- _About this exercise_
Below are entries with pictures among them; reproduce exactly, and only, the lines from the one containing "this 2000×1125 image." down to the one containing "this 1200×1600 image.", without the pictures.

:::::

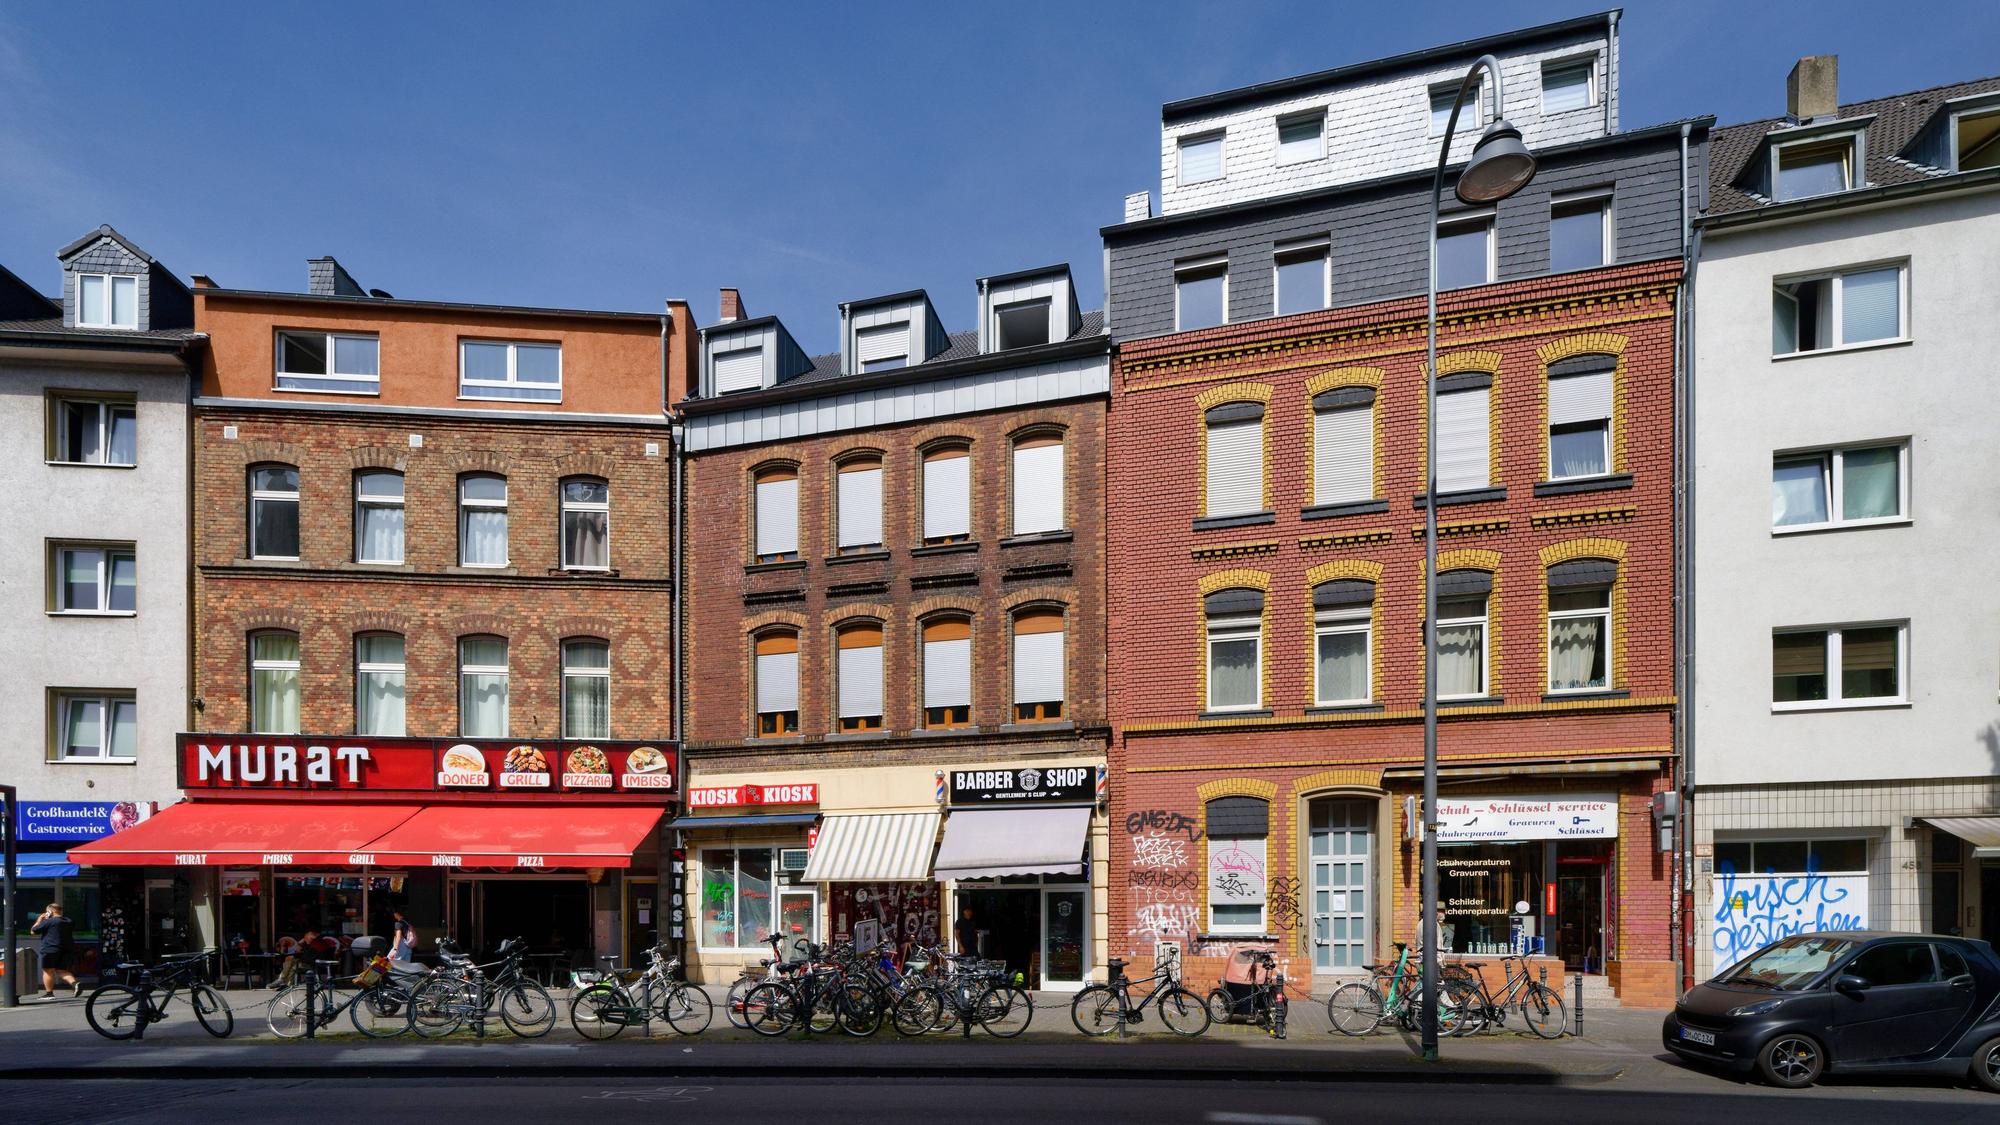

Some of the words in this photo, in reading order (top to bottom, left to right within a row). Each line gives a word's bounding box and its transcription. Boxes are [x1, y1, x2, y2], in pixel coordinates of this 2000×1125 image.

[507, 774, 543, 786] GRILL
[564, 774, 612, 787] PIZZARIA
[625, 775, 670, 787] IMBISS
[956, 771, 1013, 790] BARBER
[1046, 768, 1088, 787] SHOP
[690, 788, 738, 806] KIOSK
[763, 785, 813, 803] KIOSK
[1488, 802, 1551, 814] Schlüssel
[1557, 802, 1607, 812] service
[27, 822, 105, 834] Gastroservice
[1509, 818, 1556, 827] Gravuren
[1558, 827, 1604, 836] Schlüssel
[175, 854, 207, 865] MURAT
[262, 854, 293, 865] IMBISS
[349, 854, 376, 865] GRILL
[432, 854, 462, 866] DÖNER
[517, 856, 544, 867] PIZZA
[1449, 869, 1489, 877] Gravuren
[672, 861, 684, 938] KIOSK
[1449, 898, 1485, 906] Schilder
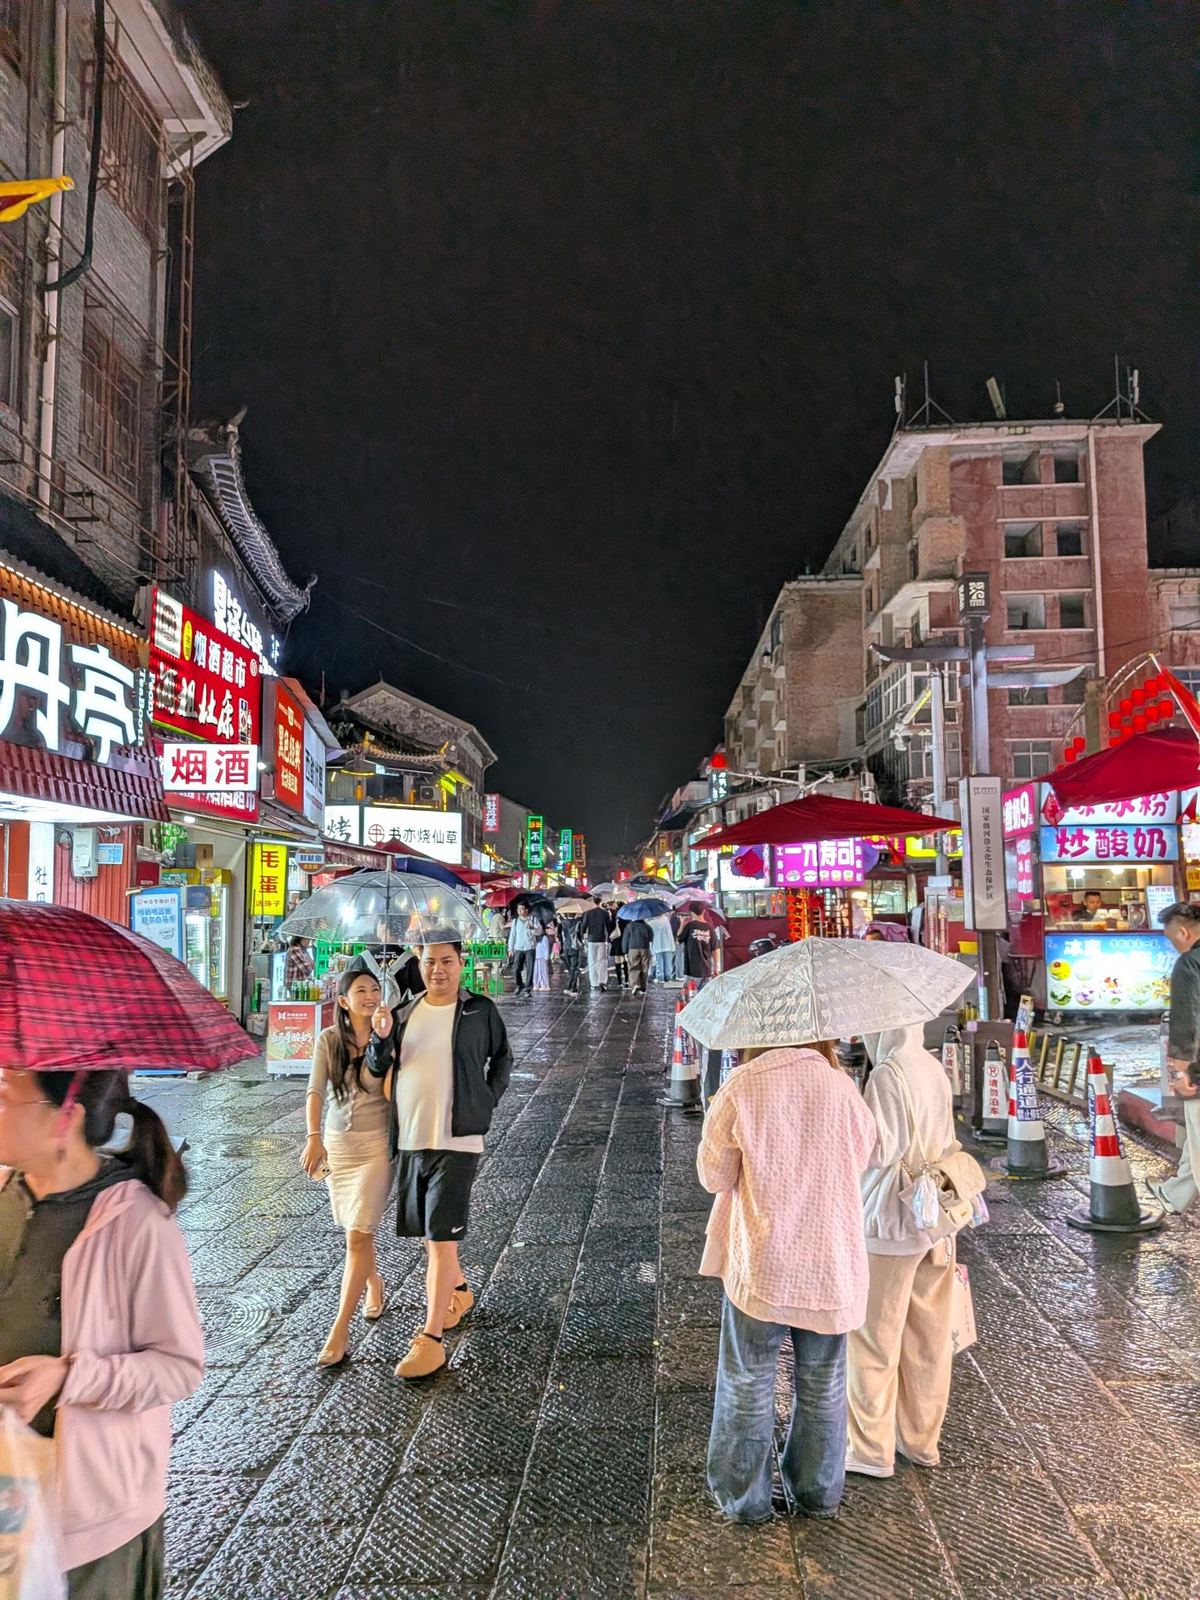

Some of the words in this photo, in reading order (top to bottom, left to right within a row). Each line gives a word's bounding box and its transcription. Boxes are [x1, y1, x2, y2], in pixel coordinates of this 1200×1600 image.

:::::

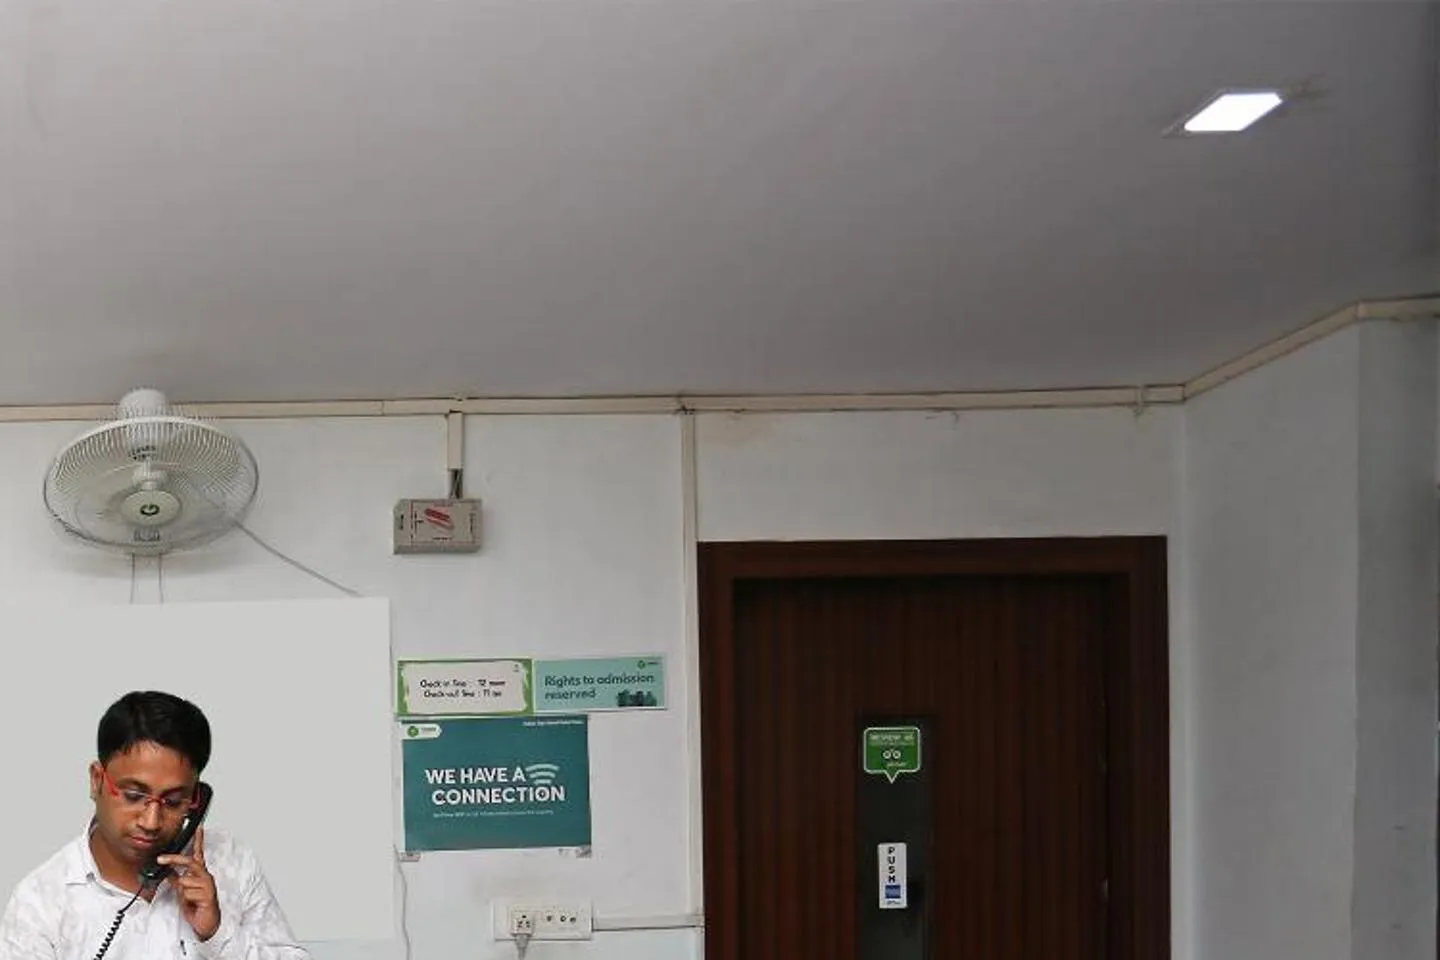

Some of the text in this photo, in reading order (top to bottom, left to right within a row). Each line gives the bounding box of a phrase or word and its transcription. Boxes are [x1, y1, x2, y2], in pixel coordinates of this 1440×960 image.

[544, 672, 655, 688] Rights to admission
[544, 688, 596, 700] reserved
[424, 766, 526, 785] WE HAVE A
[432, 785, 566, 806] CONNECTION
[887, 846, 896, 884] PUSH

:::::

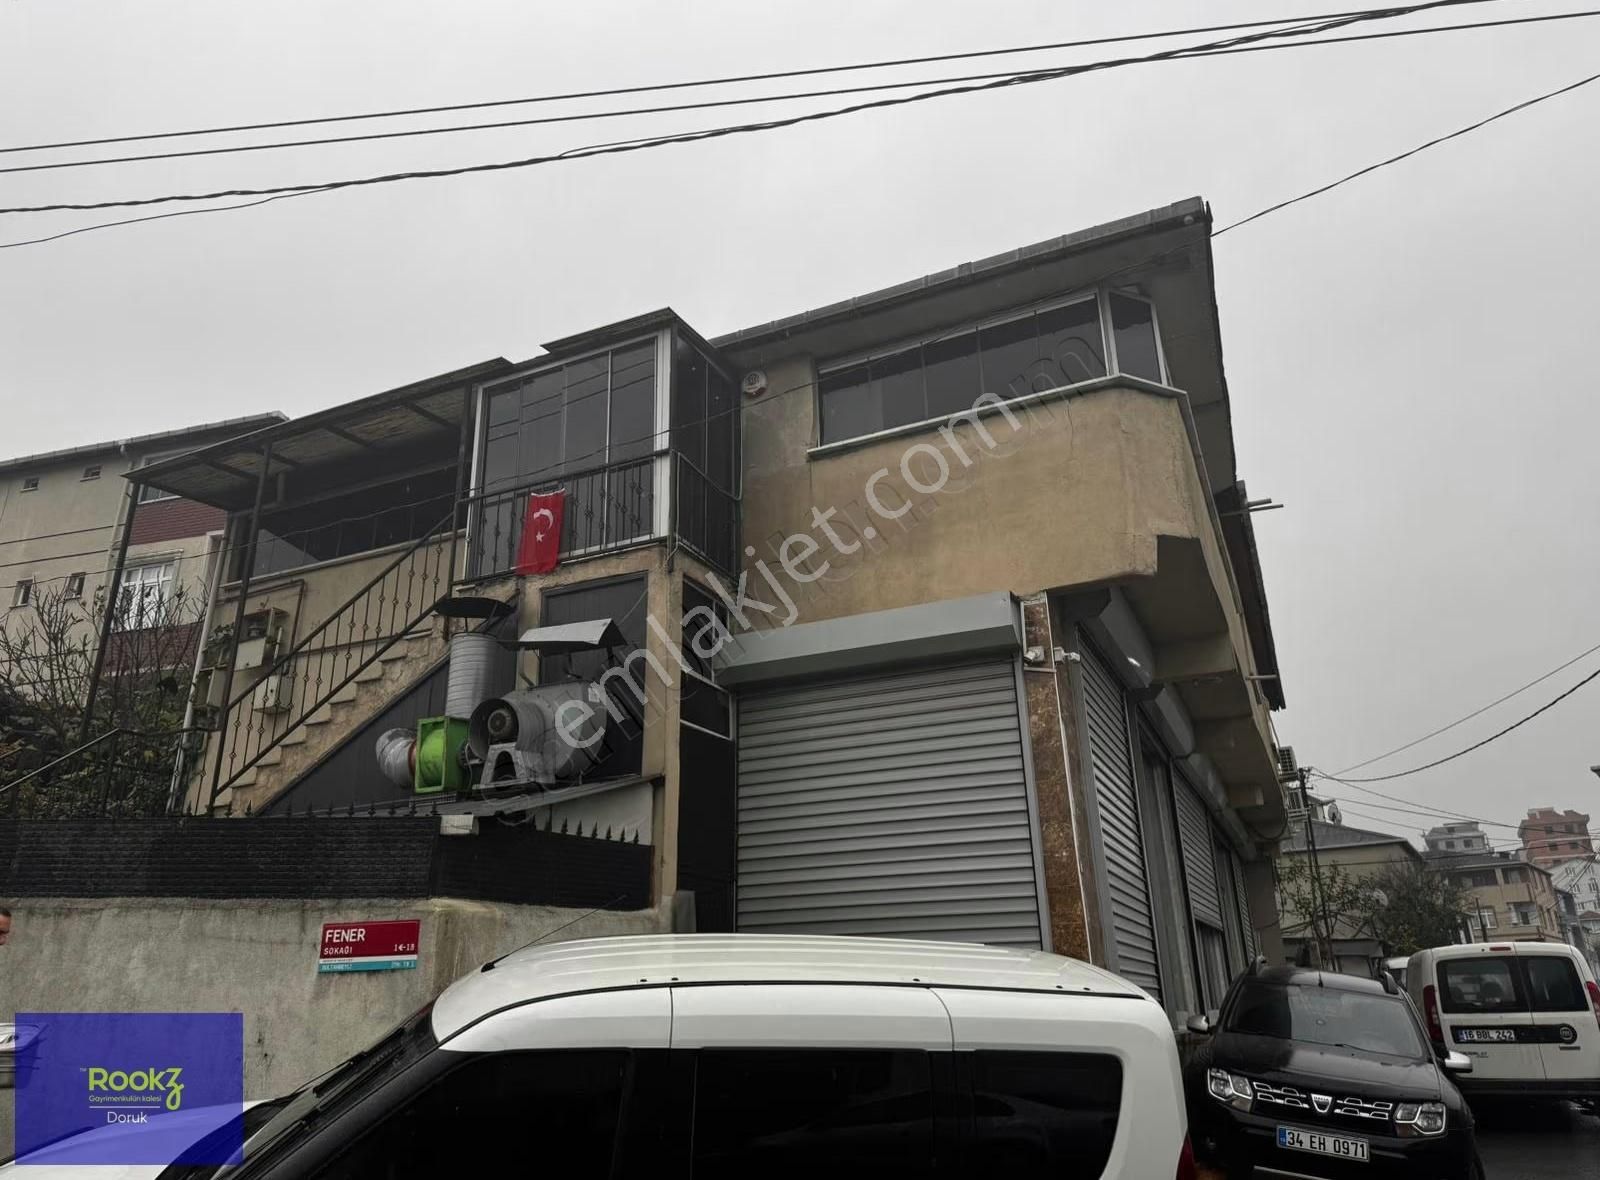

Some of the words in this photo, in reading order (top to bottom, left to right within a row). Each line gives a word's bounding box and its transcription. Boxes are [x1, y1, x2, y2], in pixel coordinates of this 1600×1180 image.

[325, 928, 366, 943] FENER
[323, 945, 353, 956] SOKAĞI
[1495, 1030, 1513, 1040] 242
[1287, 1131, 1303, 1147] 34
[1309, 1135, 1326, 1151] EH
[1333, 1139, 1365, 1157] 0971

:::::

- _Solution for this exercise_
Some of the words in this photo, in reading order (top to bottom, left to right within a row). Each line gives a word's bounding box and its transcription. Boxes are [x1, y1, x2, y2], in pixel coordinates of this 2000×1125 image.

[507, 774, 543, 786] GRILL
[564, 774, 612, 787] PIZZARIA
[625, 775, 670, 787] IMBISS
[956, 771, 1013, 790] BARBER
[1046, 768, 1088, 787] SHOP
[690, 788, 738, 806] KIOSK
[763, 785, 813, 803] KIOSK
[1488, 802, 1551, 814] Schlüssel
[1557, 802, 1607, 812] service
[27, 822, 105, 834] Gastroservice
[1509, 818, 1556, 827] Gravuren
[1558, 827, 1604, 836] Schlüssel
[175, 854, 207, 865] MURAT
[262, 854, 293, 865] IMBISS
[349, 854, 376, 865] GRILL
[432, 854, 462, 866] DÖNER
[517, 856, 544, 867] PIZZA
[1449, 869, 1489, 877] Gravuren
[672, 861, 684, 938] KIOSK
[1449, 898, 1485, 906] Schilder

Some of the words in this photo, in reading order (top to bottom, left to right within a row). Each line gives a word's bounding box and its transcription. Boxes are [x1, y1, x2, y2], in pixel coordinates of this 1200×1600 image.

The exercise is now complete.